A unique church with a colourful history.
Worship continues on a site with a history dating back at least 800 years.
Our weekly services are normally taken from the Book of Common Prayer and are held at
9:30am every Sunday
Members of the regular congregation are frequently joined by visitors and friends from a much wider church family.
Tea and Coffee are usually served after services.
St Lupus is located on Church Bends (part of the Southern 100 race course).
The church is open most days from 9:30am until dusk.
In 2014 a major restoration of the exterior of St Lupus was begun.
This work is one of a number of projects undertaken by be Friends of Malew
in partnership with Church.
To find out more about the Friends click on the image below to be taken to their website.

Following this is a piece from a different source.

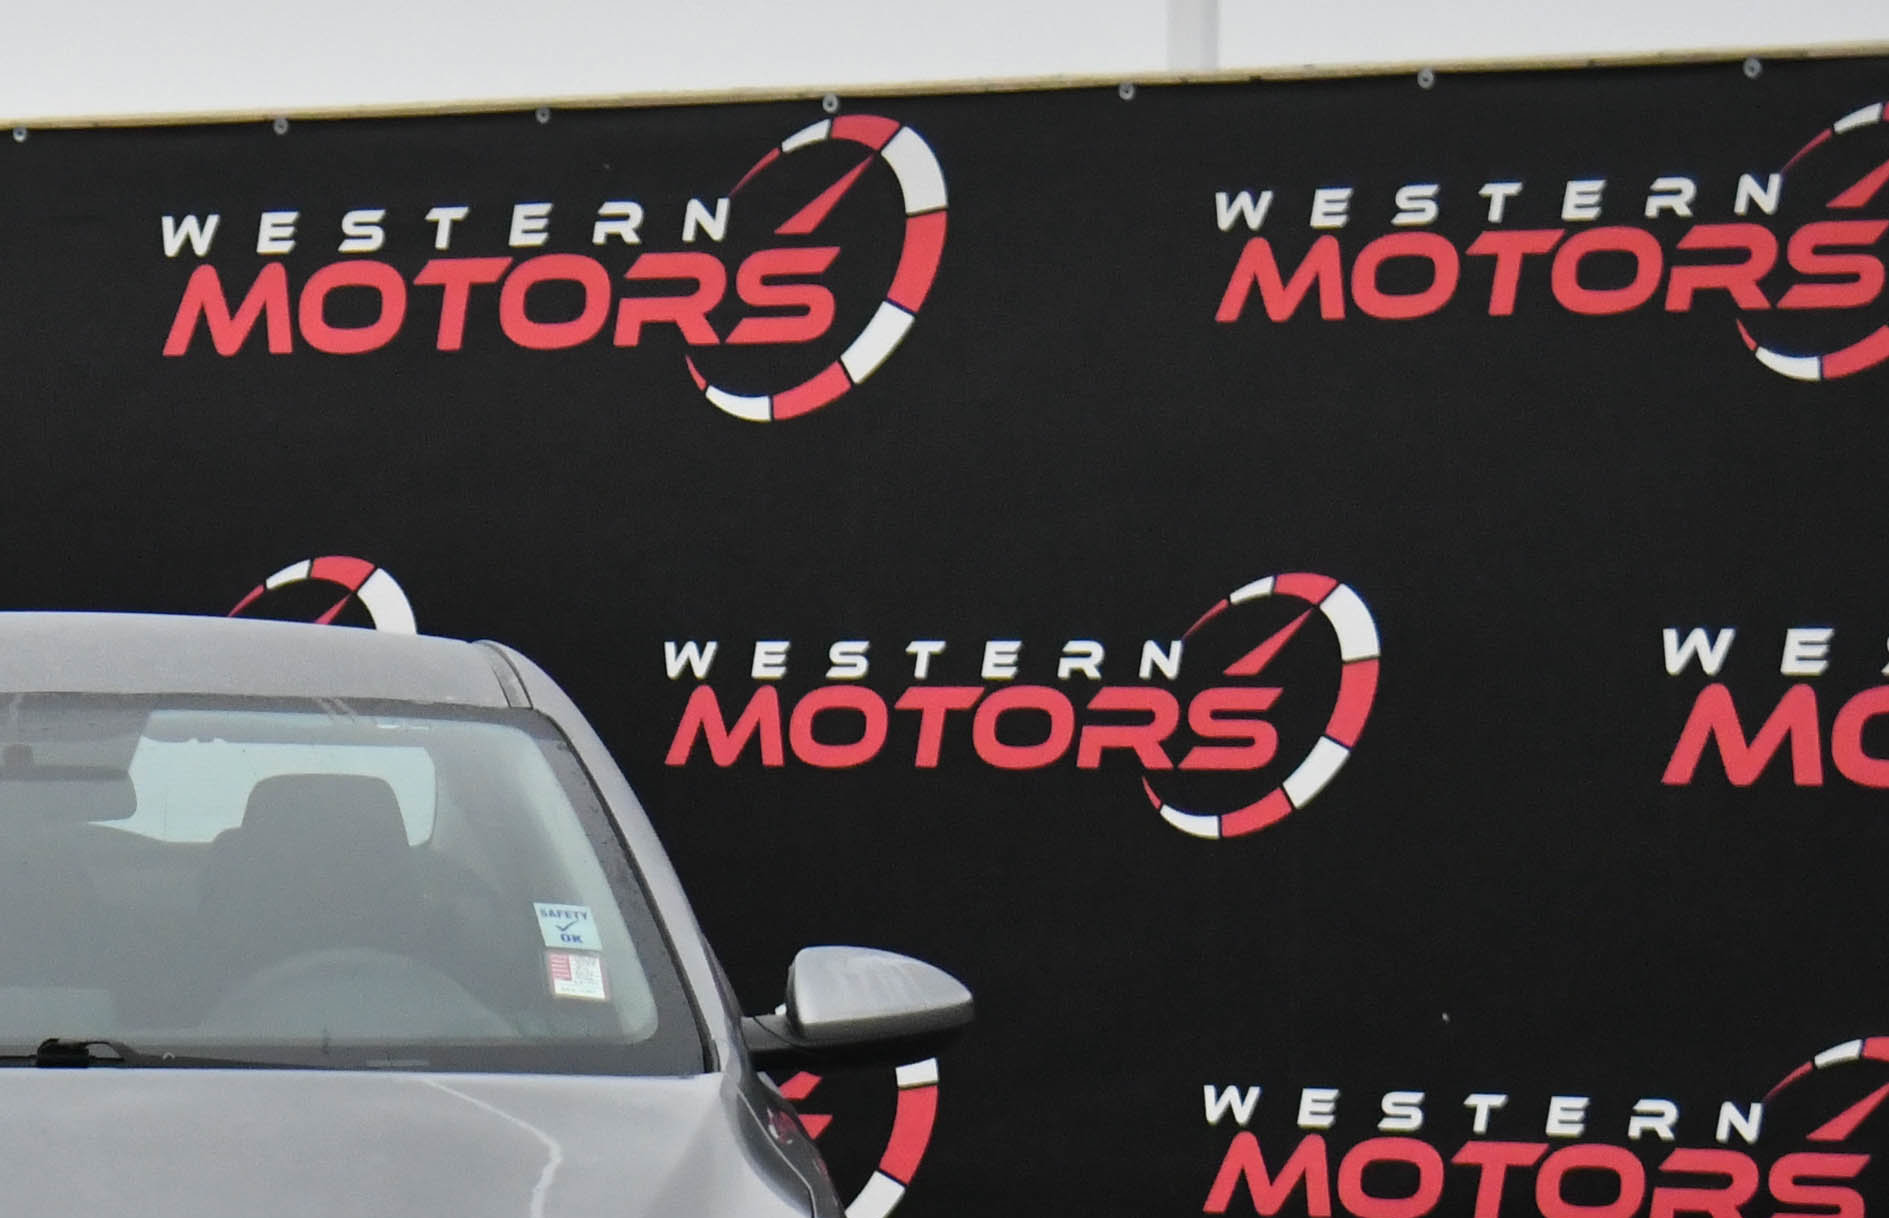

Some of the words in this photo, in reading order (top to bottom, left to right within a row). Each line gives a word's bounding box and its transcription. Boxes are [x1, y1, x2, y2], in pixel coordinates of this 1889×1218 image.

The name ‘Malew’ is derived from either one or two saints, or a combination of the two. The Church is believed to have been originally dedicated to St Lua or Molua, a celtic Saint who also gave his name to Killaloe in Ireland.
However, the Roman church is said to have objected strongly to Irish Saints who did not appear on their calendar and from the beginning of the 15th century, the church was dedicated to St Lupus, the 5th century Bishop of Troyes in France.
It is not known exactly when the present church was built. However, the Isle of Man was divided in to parishes in the 12th century, and it is thought that parts of the current building may well date from then, or perhaps even earlier. The nave is the oldest part of the building.
Historically, Malew Church was one of the most important churches on the Island, due to the fact that until 1921 it was the parish church of Castletown which was the Island’s capital from the 13th century until 1874, and much of the population of the town were buried in the churchyard there.
The significance is still recognised today as it is customary for the Bishop of the Diocese to give his first and last sermon on the Island in this church.